■ Input records ■
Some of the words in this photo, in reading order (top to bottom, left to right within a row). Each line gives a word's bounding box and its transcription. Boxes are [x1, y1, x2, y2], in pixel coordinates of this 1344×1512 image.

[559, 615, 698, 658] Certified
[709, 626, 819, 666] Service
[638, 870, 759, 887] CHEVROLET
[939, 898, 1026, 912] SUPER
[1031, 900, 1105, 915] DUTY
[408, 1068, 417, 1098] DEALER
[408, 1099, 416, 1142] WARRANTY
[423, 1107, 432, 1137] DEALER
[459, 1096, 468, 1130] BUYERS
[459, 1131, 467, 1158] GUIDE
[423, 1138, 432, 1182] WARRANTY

==

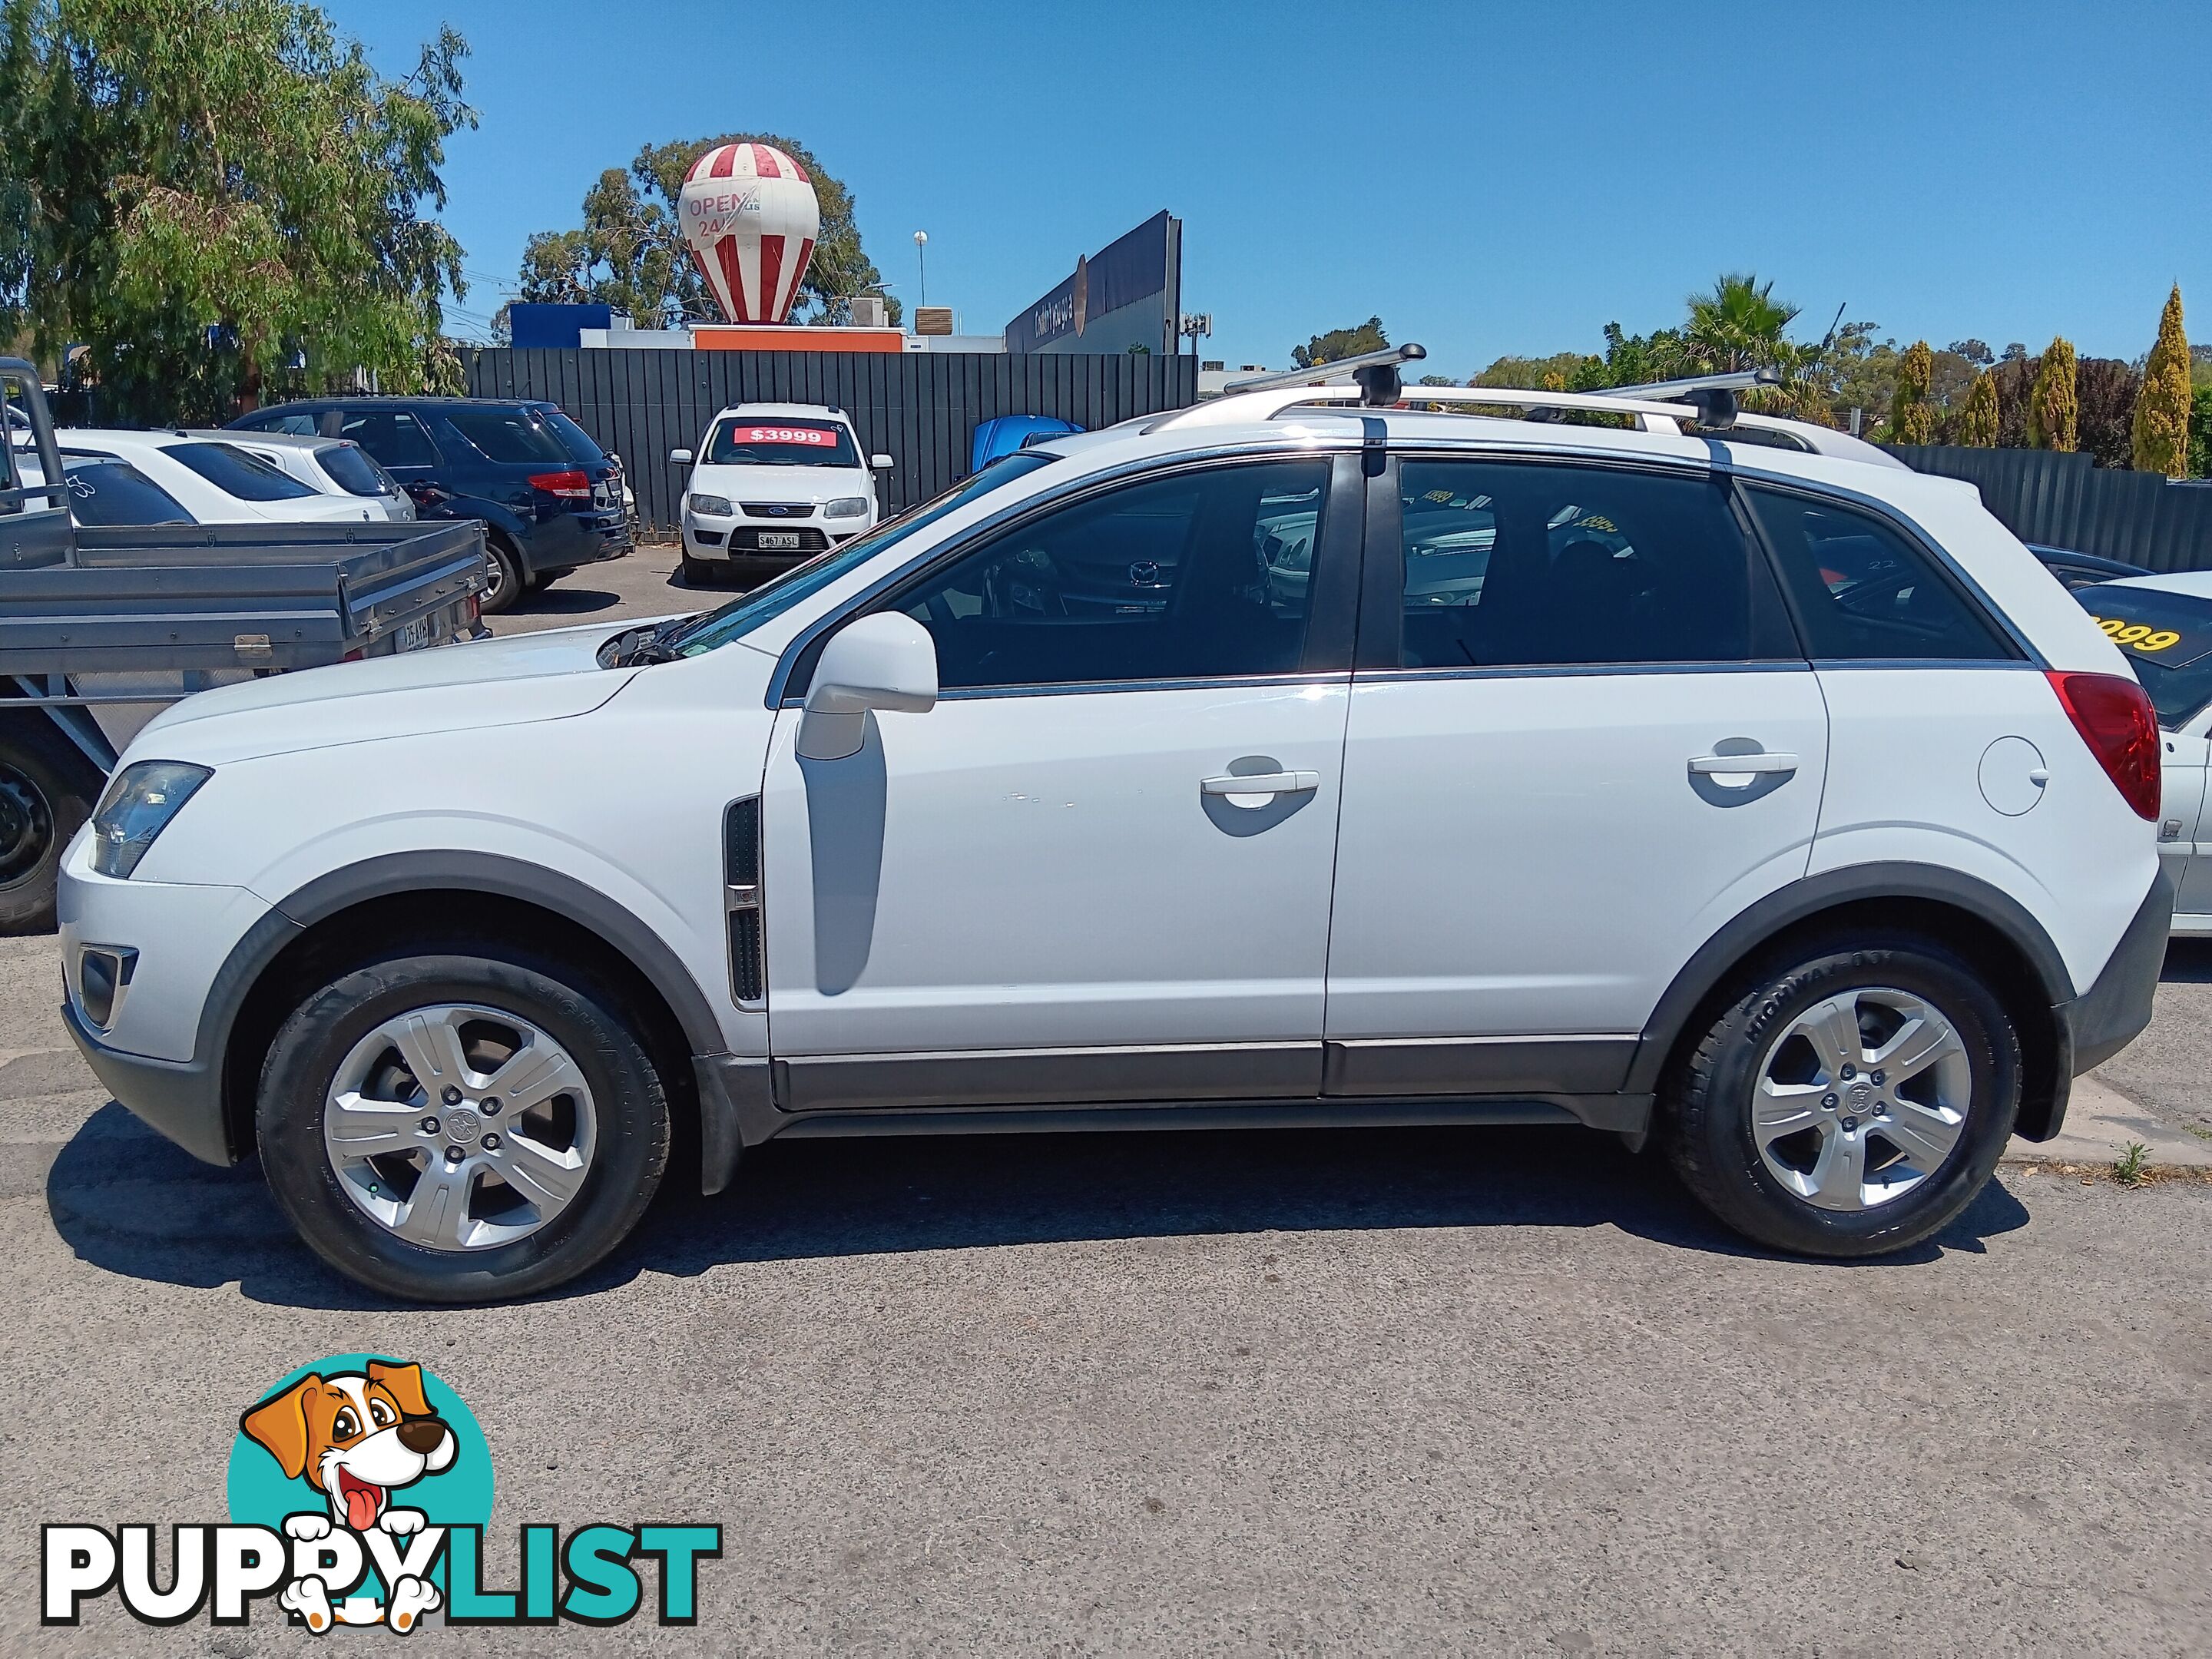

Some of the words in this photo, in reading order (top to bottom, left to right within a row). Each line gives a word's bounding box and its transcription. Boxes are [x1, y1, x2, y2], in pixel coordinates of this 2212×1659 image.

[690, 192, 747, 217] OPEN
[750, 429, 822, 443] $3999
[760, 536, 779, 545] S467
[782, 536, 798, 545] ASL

--

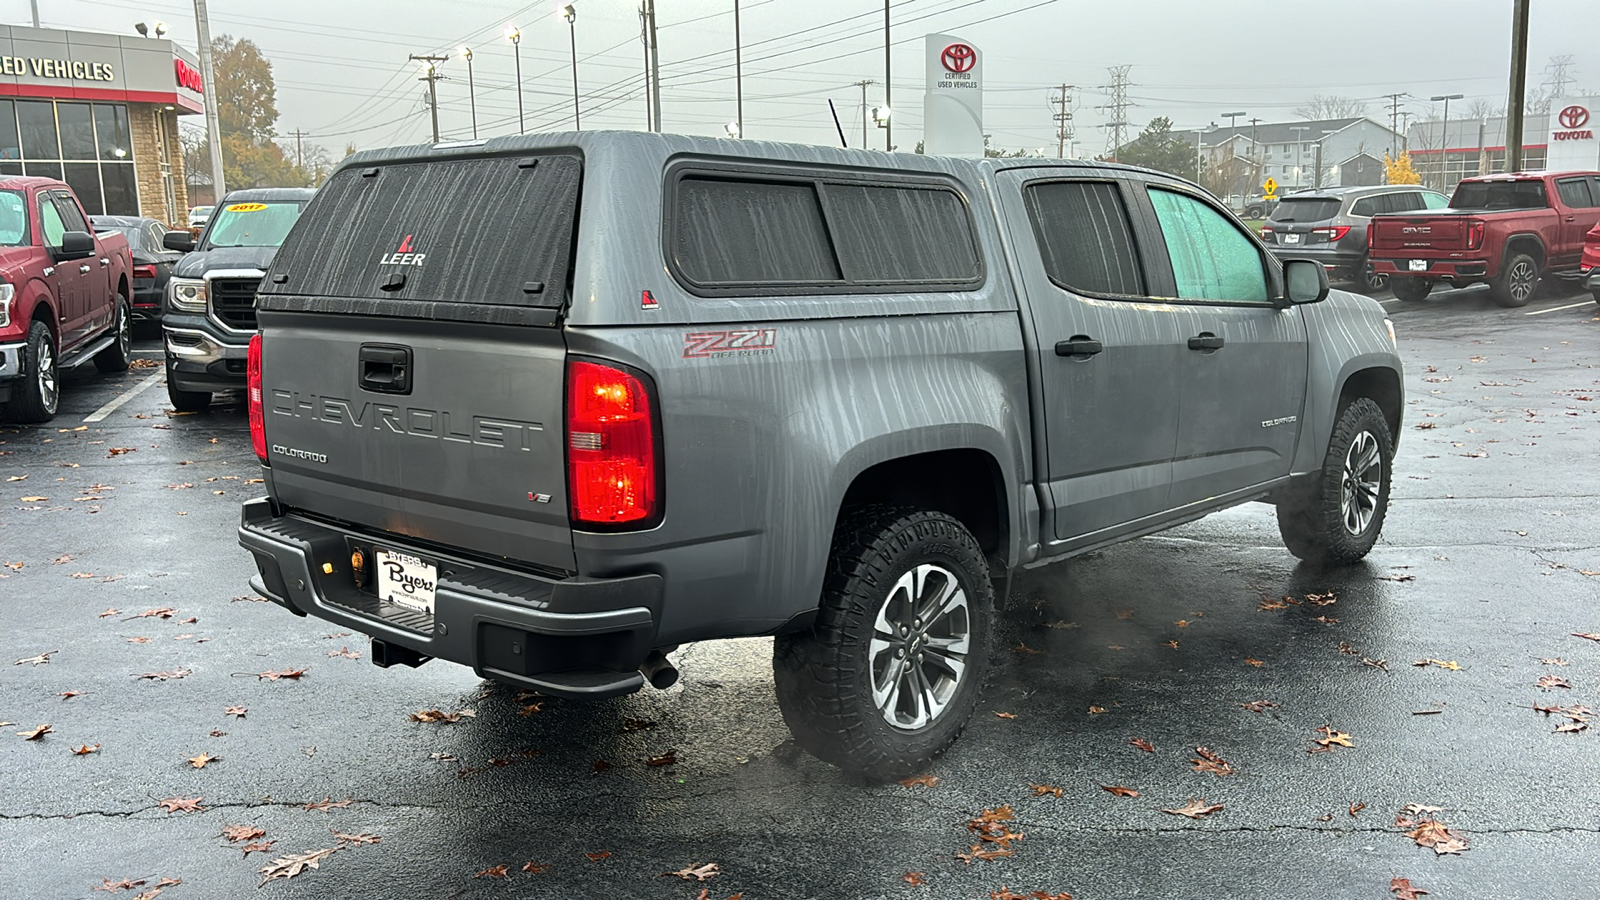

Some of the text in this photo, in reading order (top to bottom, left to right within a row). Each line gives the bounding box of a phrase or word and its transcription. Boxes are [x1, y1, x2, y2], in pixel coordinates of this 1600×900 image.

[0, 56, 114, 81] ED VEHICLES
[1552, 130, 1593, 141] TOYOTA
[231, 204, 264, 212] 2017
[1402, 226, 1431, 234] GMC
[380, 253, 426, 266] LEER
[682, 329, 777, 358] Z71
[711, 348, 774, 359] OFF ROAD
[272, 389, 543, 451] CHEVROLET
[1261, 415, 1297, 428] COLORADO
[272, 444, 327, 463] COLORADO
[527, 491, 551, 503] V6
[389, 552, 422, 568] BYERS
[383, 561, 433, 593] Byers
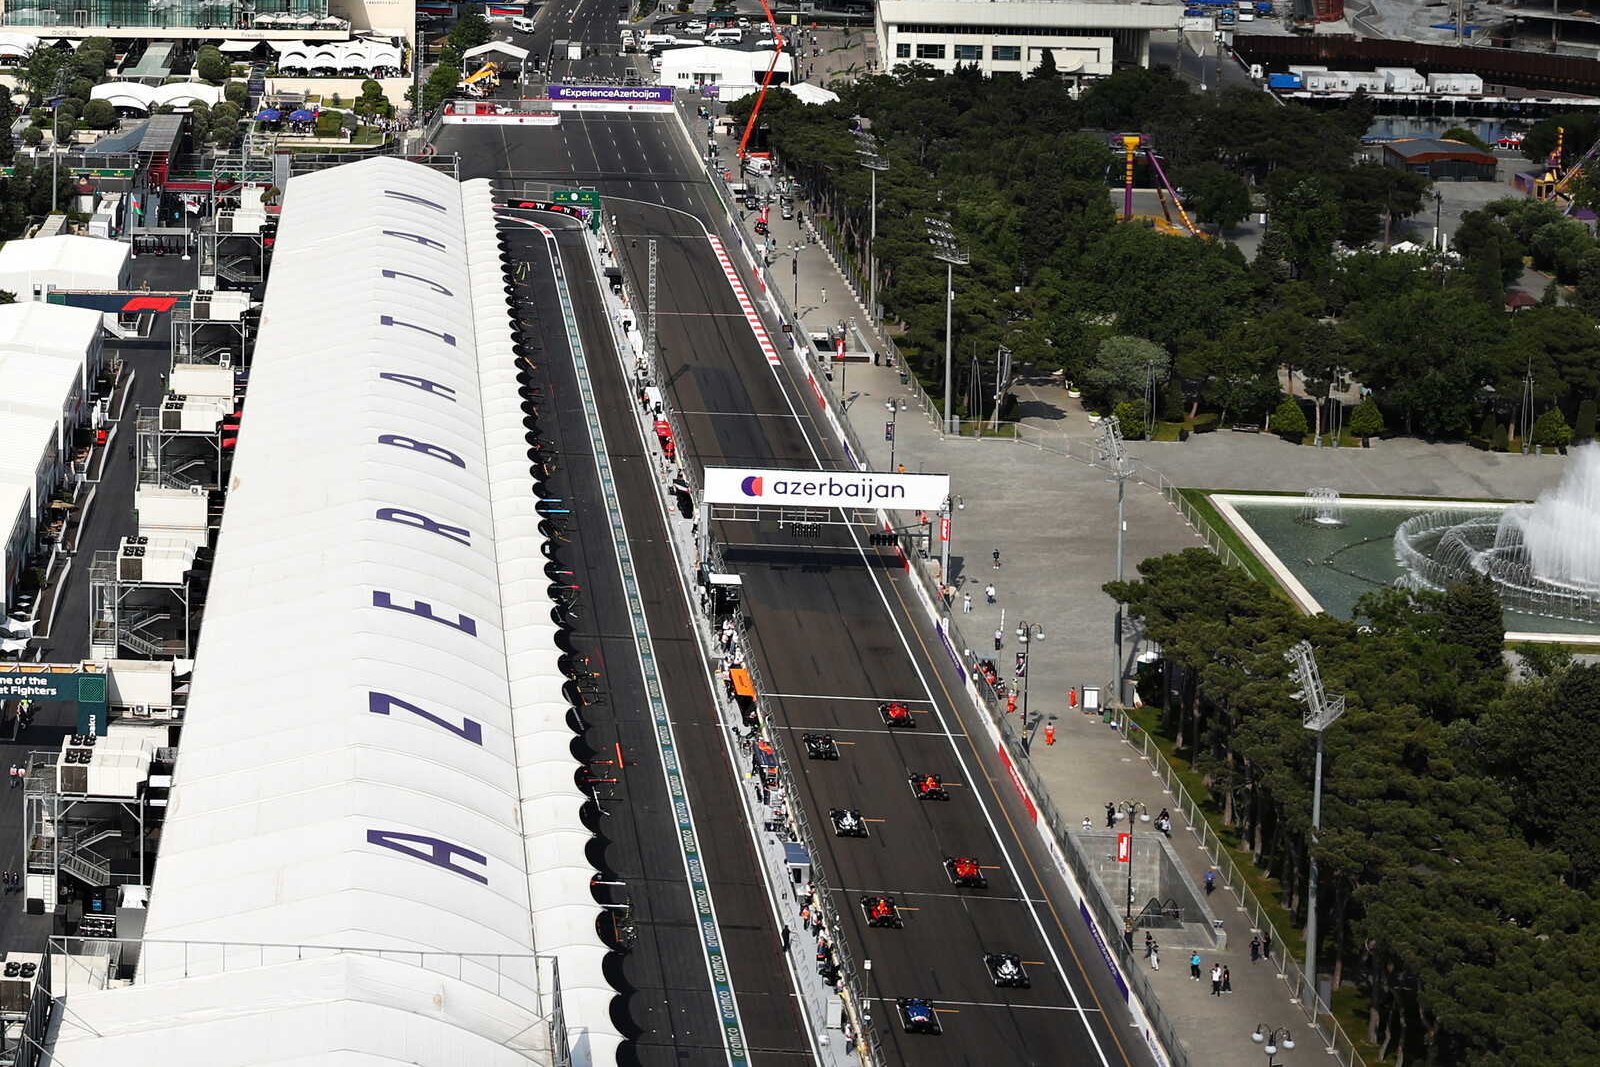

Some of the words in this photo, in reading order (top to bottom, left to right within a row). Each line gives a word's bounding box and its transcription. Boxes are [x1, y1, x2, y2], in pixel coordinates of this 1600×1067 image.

■ Task requirements ■
From the records above, write out exactly the lines that begin at the line with "Some of the text" and end at the line with "this 1600×1067 image.". Pictures must not appear in the output.

■ Answer ■
Some of the text in this photo, in reading order (top to bottom, left to right within a row). Each line gives the bounding box of a phrase or word and its transcription. Boxes are [x1, y1, x2, y2], in pixel coordinates of this 1600×900 image.

[0, 56, 114, 81] ED VEHICLES
[1552, 130, 1593, 141] TOYOTA
[231, 204, 264, 212] 2017
[1402, 226, 1431, 234] GMC
[380, 253, 426, 266] LEER
[682, 329, 777, 358] Z71
[711, 348, 774, 359] OFF ROAD
[272, 389, 543, 451] CHEVROLET
[1261, 415, 1297, 428] COLORADO
[272, 444, 327, 463] COLORADO
[527, 491, 551, 503] V6
[389, 552, 422, 568] BYERS
[383, 561, 433, 593] Byers

Some of the words in this photo, in reading order (top to bottom, left to right within a row). Each line gives a word's bounding box and its transcription. Boxes are [x1, y1, x2, y2], in pixel coordinates of this 1600×1067 image.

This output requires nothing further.